Both sides of the latest military conflict in the Middle East are spending big to defend their turf, despite promises from Israel to cut spending to pay for social reforms. Crikey intern David Donaldson reports.

We are all too familiar with the human cost of the ongoing conflict between Israel and Gaza — the death toll has now passed 110 — but less frequently discussed is the huge monetary cost.

Much discussion recently has centred on the successes of Israel’s relatively new Iron Dome anti-rocket system, a source of pride for many Israelis for its high rate of success at blocking missiles from Gaza. But at up to $80 million per battery and $62,000 to $100,000 for each interceptor missile, the system doesn’t come cheap.
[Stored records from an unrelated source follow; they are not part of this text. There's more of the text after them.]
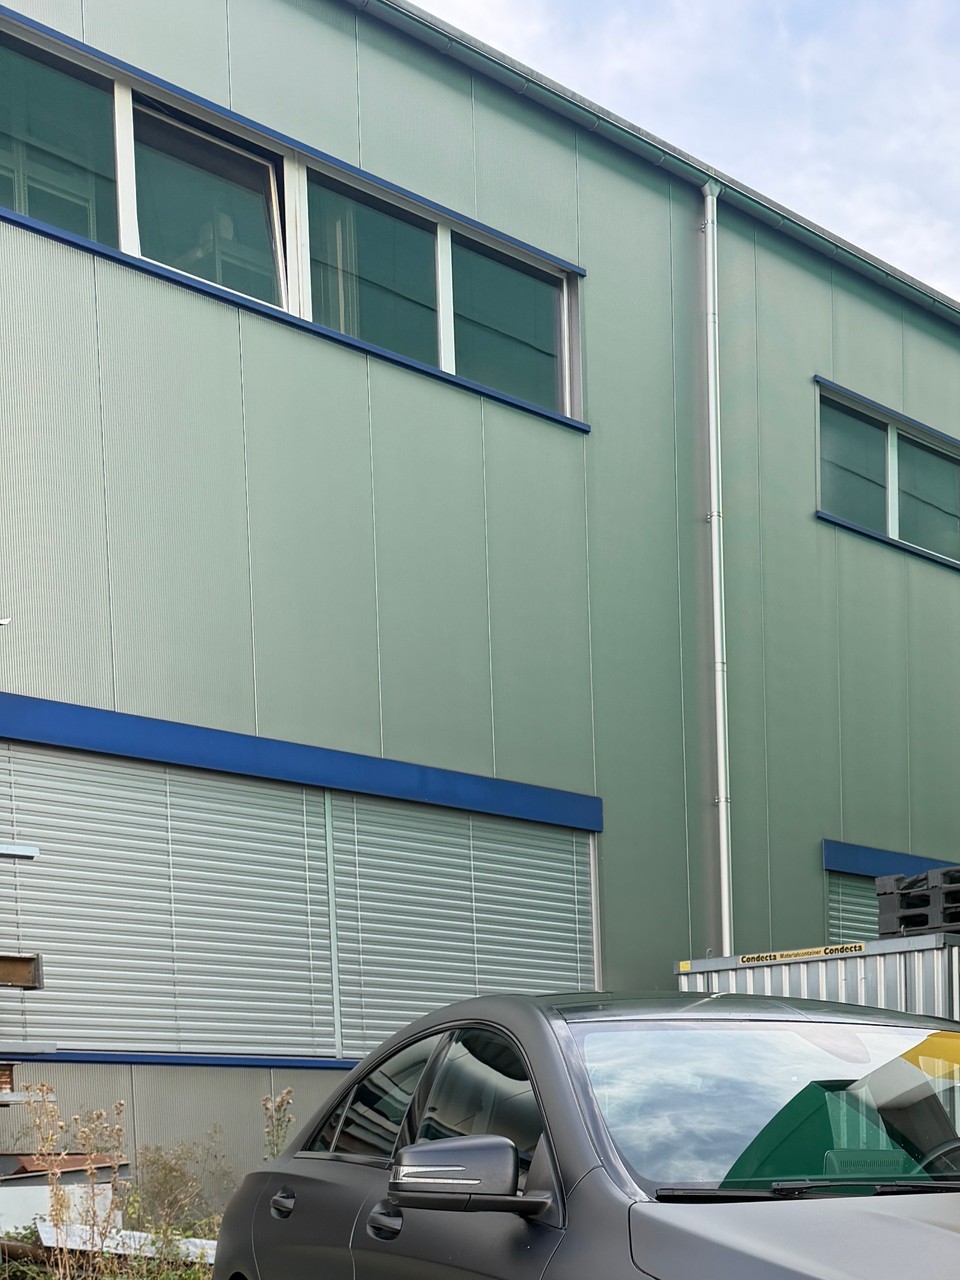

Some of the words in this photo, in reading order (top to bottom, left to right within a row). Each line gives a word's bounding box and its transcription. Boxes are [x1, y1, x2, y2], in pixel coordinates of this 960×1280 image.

[741, 953, 777, 963] Condecta
[780, 949, 822, 959] Materialcontainer
[823, 944, 863, 955] Condecta
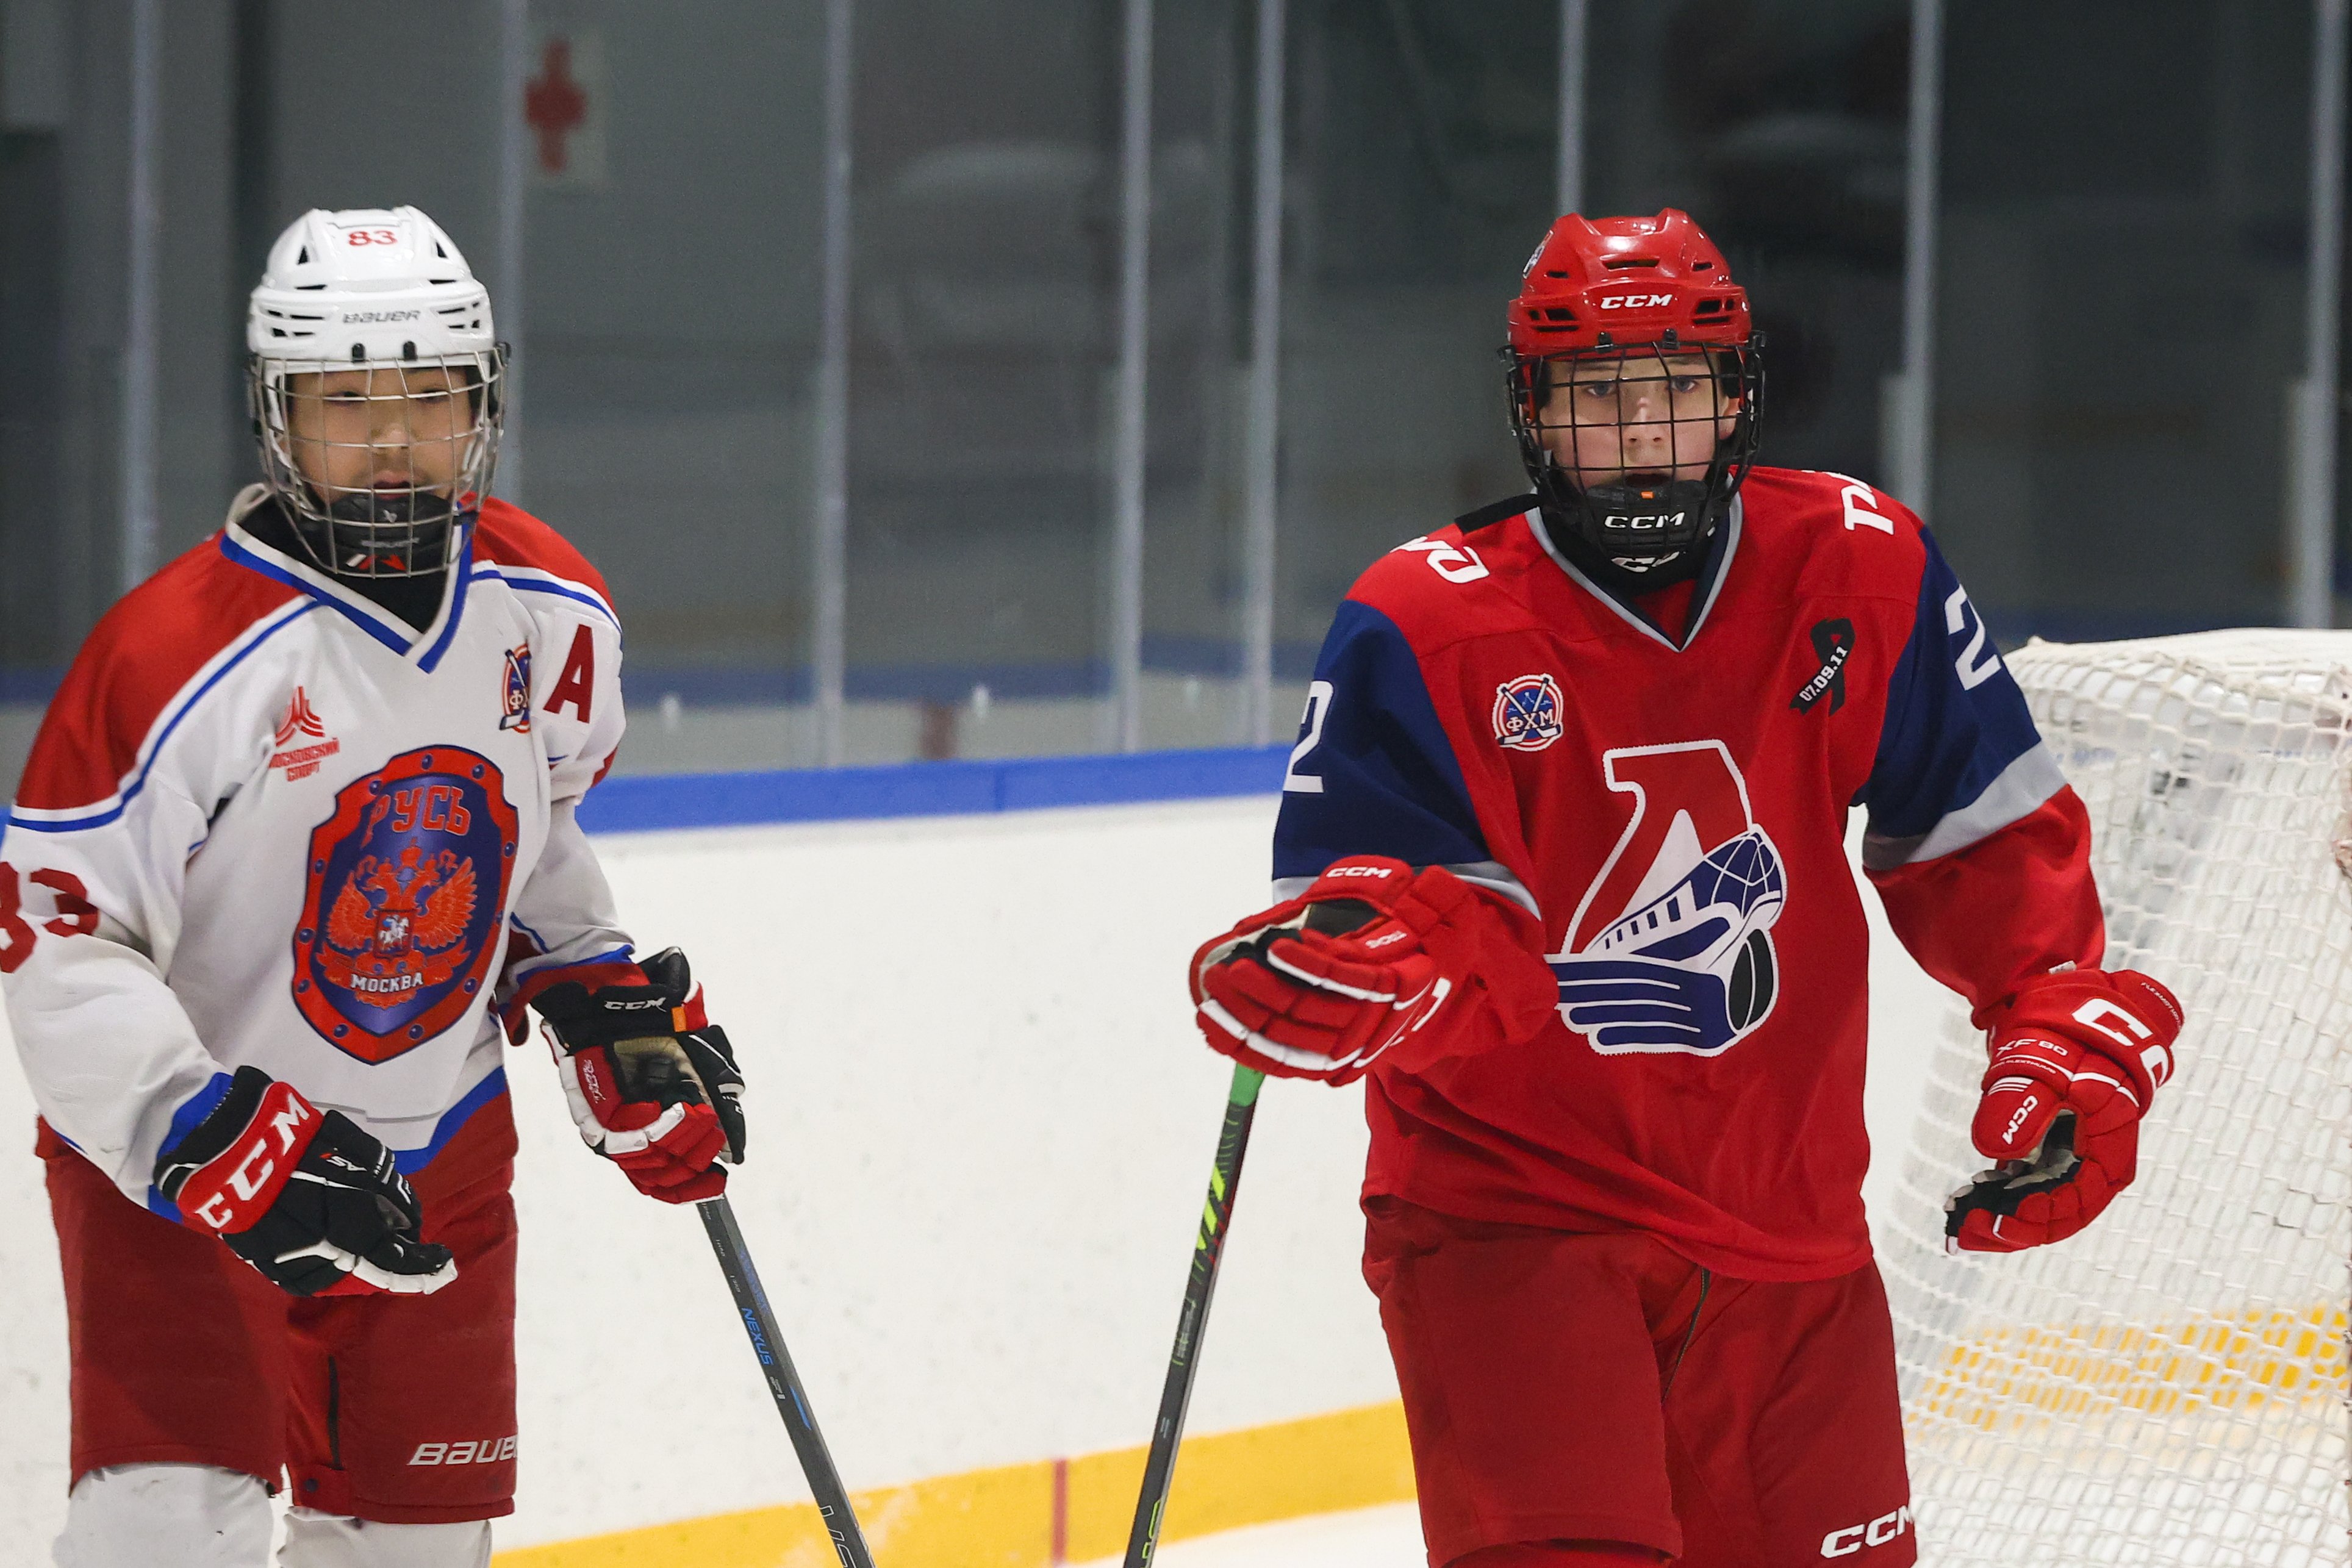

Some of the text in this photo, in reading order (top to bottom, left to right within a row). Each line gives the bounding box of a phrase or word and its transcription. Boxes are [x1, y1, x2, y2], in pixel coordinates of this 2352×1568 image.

[348, 230, 398, 246] 83
[1601, 294, 1673, 310] CCM
[1604, 511, 1685, 530] CCM
[543, 624, 595, 724] A
[1799, 646, 1848, 703] 07.09.11
[1506, 709, 1554, 732] ФХМ
[360, 784, 471, 848] РУСЬ
[1326, 866, 1393, 879] CCM
[350, 972, 424, 993] МОСКВА
[604, 997, 667, 1012] CCM
[2002, 1095, 2038, 1145] CCM
[195, 1092, 310, 1229] CCM
[741, 1307, 773, 1366] NEXUS
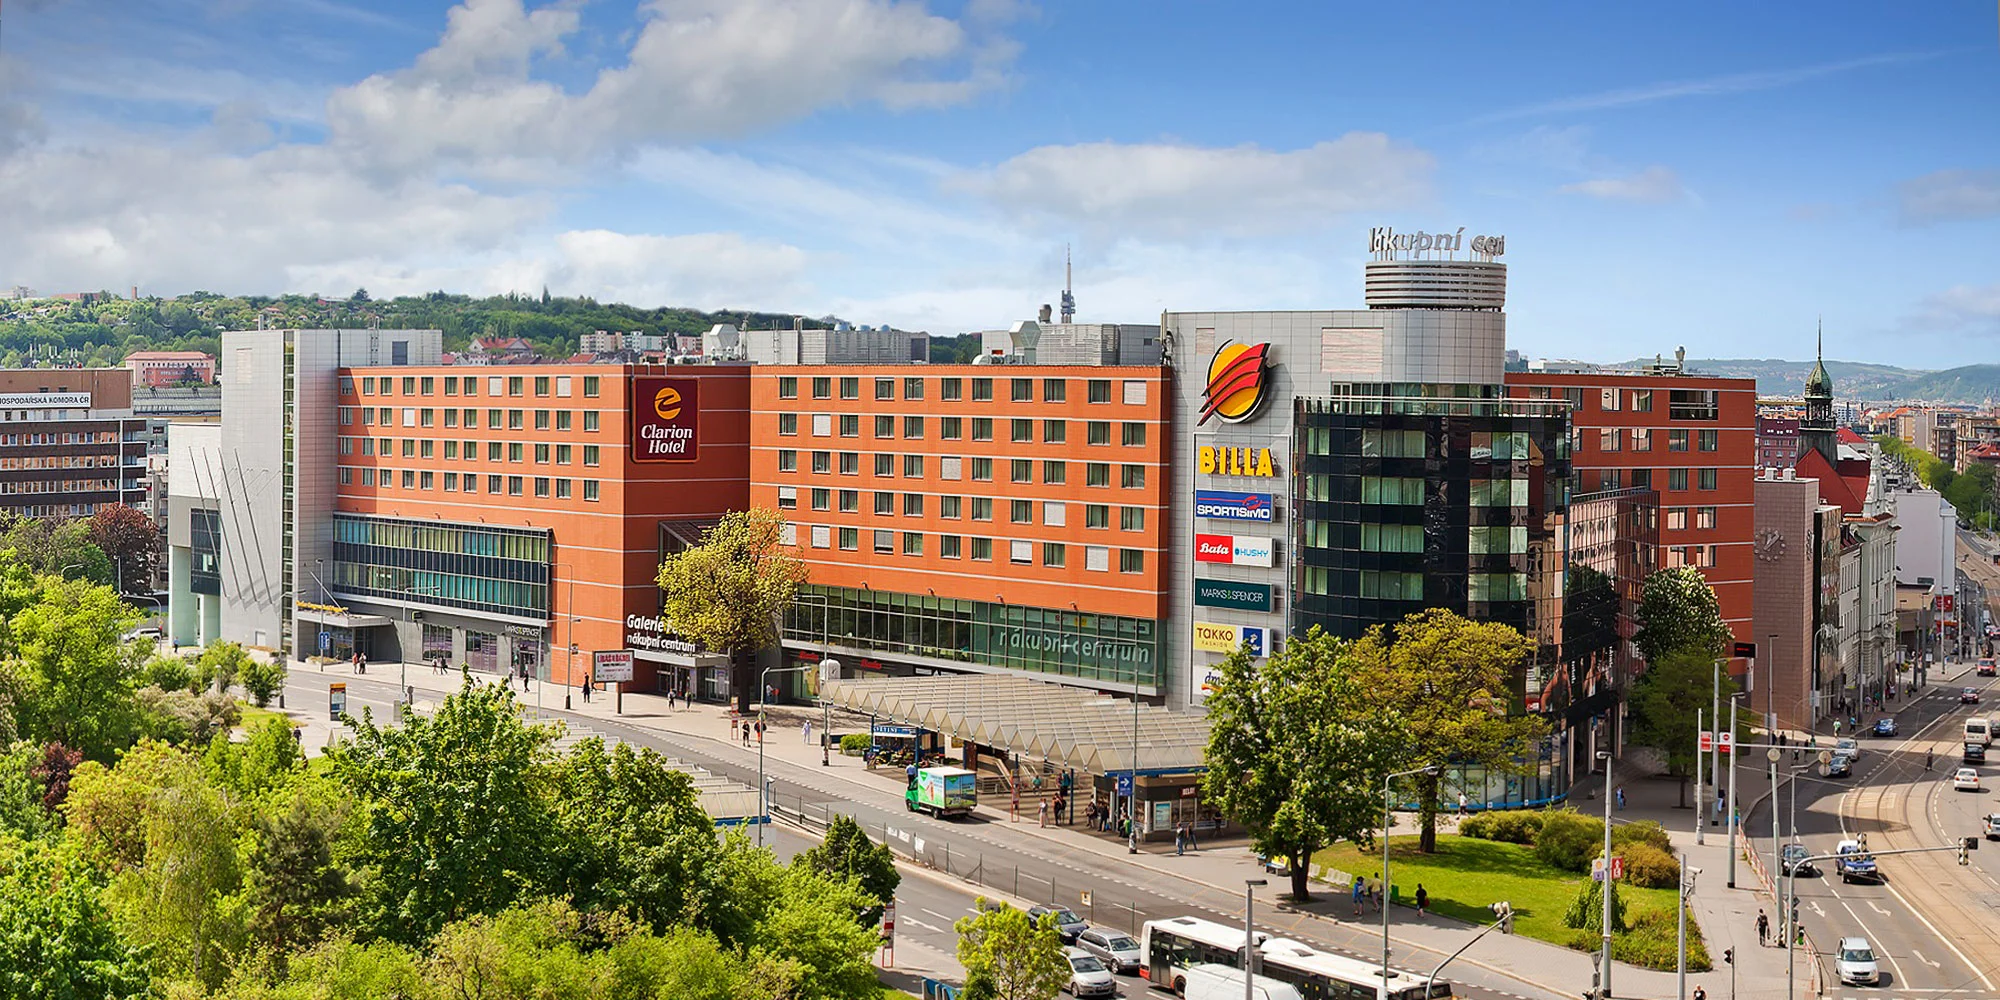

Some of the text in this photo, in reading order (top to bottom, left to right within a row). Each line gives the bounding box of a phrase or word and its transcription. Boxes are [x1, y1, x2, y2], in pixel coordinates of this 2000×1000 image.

Lefty Israeli newspaper Haaretz reported on Sunday that Defence Minister Ehud Barak is to ask for an extra 750 million shekels (A$183 million) to bring forward the installation date of the upcoming Iron Dome batteries, projected to bring the total up to 13 batteries over the next few years. A fifth movable Iron Dome battery was deployed on Saturday in the Tel Aviv area.

Israel’s military spending as a percentage of gross domestic product is among the highest in the world, at 6.5%. The equivalent figure for the United States is 4.7%. Australia, by contrast, sits at around 1.56% of GDP. This adds up to an annual Israeli defence budget of about $15 billion, of which $3 billion is provided by the US. America is also providing additional funding for Iron Dome on top of its regular contributions.

A report by the Bonn International Center for Conversion last week, a German think tank, rated Israel as the most highly militarised society in the world — ahead of regional rivals Syria (third) and Iran (34th).

Israeli Prime Minister Binyamin Netanyahu promised last year to reduce military spending to pay for social reforms in response to cost-of-living protests in Israeli cities. Netanyahu’s subsequent backflip was prompted by deepening regional instability as relations with traditional allies Turkey and Egypt soured, and the prospect of a nuclear Iran become more likely.

And although still high, Israel’s current military expenditure is a far cry from 1986 when 17% of its budget was allocated towards defence.

In 2010 the head of Rafael Advance Defense Systems’ Iron Dome project, Yossi Drucker, claimed each interceptor missile costs around $100,000. Others have asserted the cost is closer to $50,000. The system’s rate of success at shooting down rockets bound for inhabited areas sits at about 85%.

It is difficult to know how much the current Pillar of Defence operation will cost. It’s estimated the 2008-09 Gaza war cost Israel just under $1 billion, but the total cost this time around will depend heavily on whether Israel decides to again opt for a ground offensive on the Hamas-controlled territory.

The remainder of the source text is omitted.